• _Record extracts_:
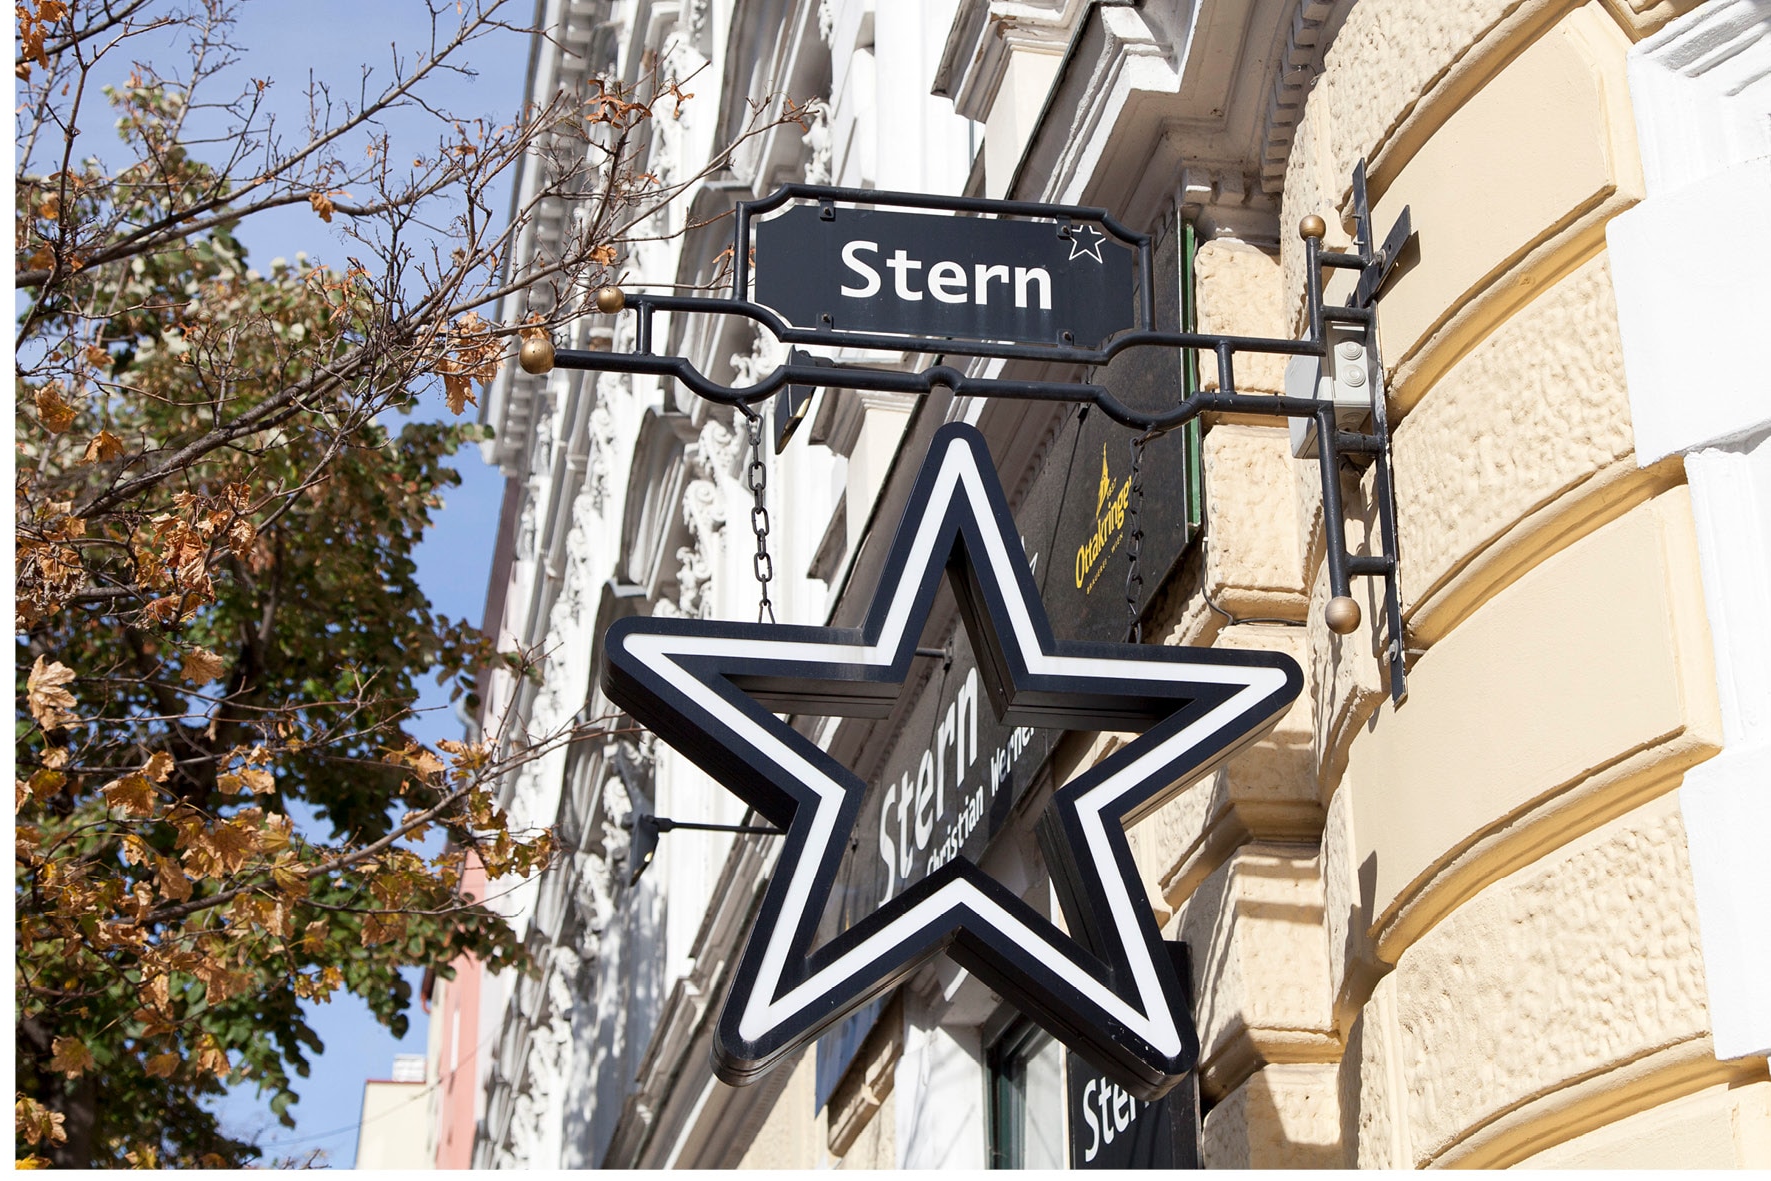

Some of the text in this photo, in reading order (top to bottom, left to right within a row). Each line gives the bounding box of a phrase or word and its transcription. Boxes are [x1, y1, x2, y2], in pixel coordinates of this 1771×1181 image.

[840, 240, 1053, 310] Stern
[879, 667, 978, 908] Stern
[926, 785, 984, 877] Christian
[1083, 1077, 1150, 1162] Ste
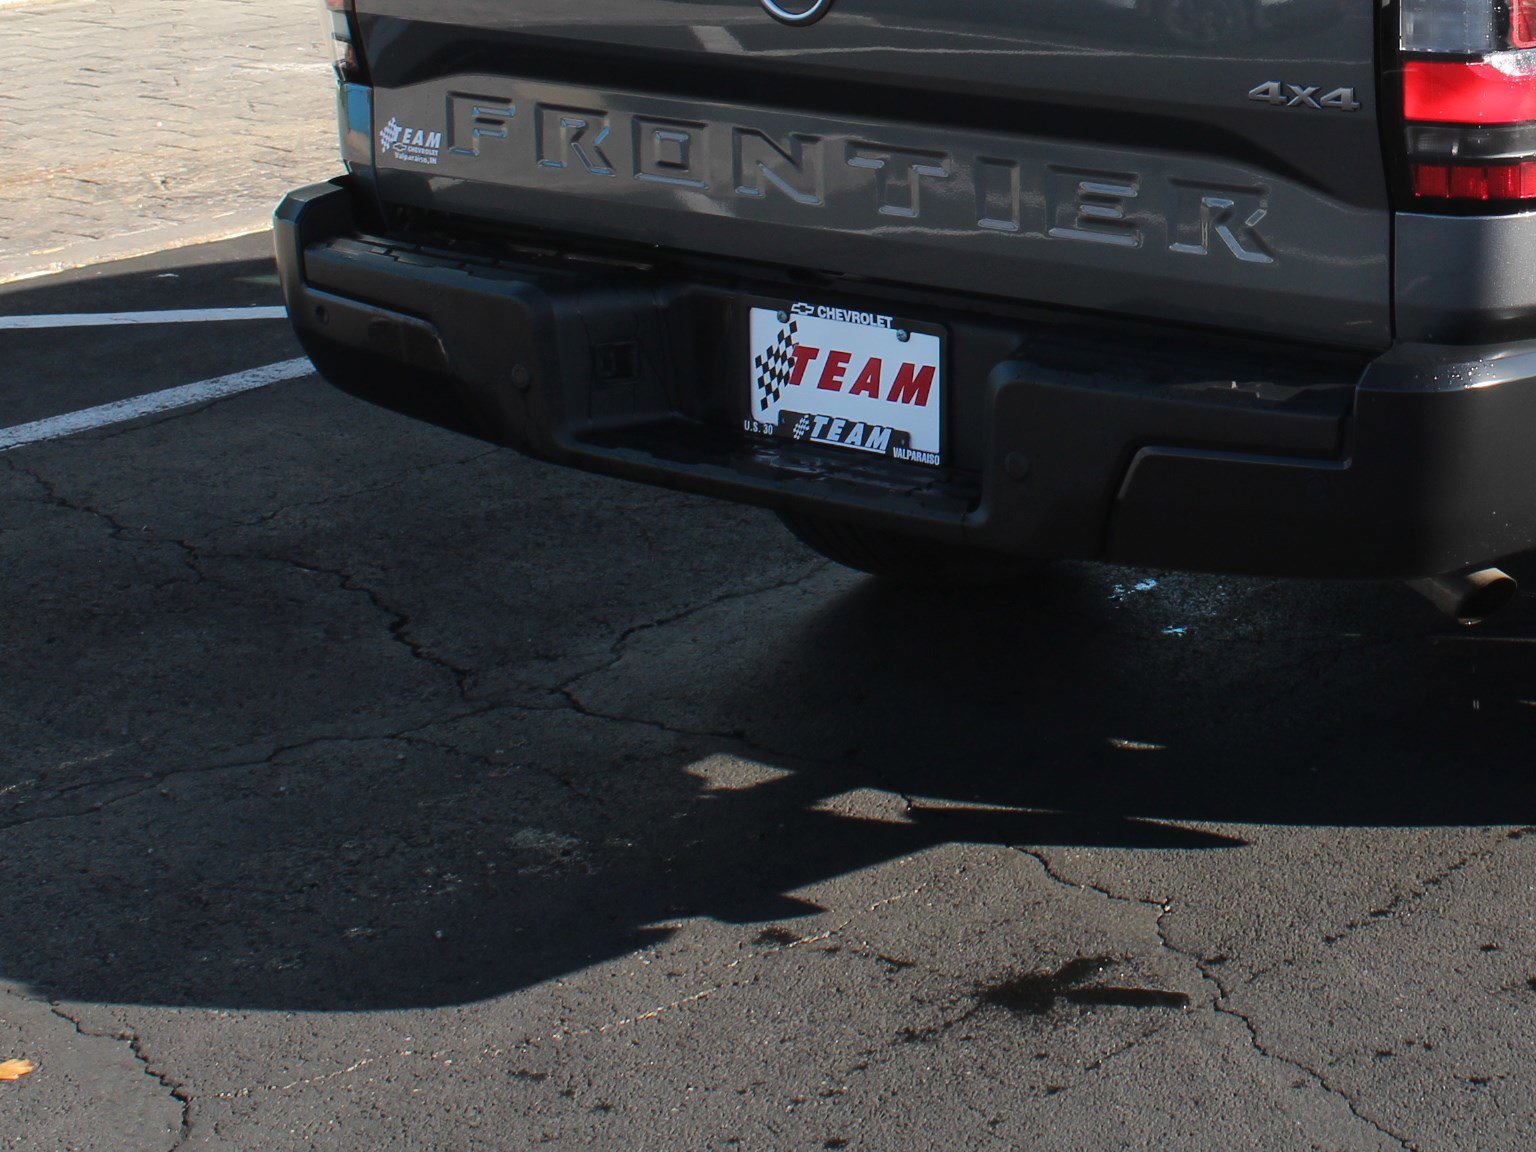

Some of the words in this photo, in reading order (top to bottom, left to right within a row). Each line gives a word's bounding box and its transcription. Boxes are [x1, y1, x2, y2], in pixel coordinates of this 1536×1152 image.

[393, 126, 442, 148] TEAM
[444, 90, 1274, 264] FRONTIER
[817, 305, 893, 329] CHEVROLET
[788, 345, 936, 408] TEAM
[744, 419, 761, 434] U.S.
[763, 423, 773, 436] 30
[810, 414, 893, 452] TEAM
[892, 446, 940, 466] VALPARAISO

• _Problem statement_: Exact copies are needed of the line with "Some of the words" and each line after it through the end of the material above.

• _The completed task_:
Some of the words in this photo, in reading order (top to bottom, left to right within a row). Each line gives a word's bounding box and its transcription. Boxes are [x1, y1, x2, y2], in pixel coordinates of this 1536×1152 image.

[393, 126, 442, 148] TEAM
[444, 90, 1274, 264] FRONTIER
[817, 305, 893, 329] CHEVROLET
[788, 345, 936, 408] TEAM
[744, 419, 761, 434] U.S.
[763, 423, 773, 436] 30
[810, 414, 893, 452] TEAM
[892, 446, 940, 466] VALPARAISO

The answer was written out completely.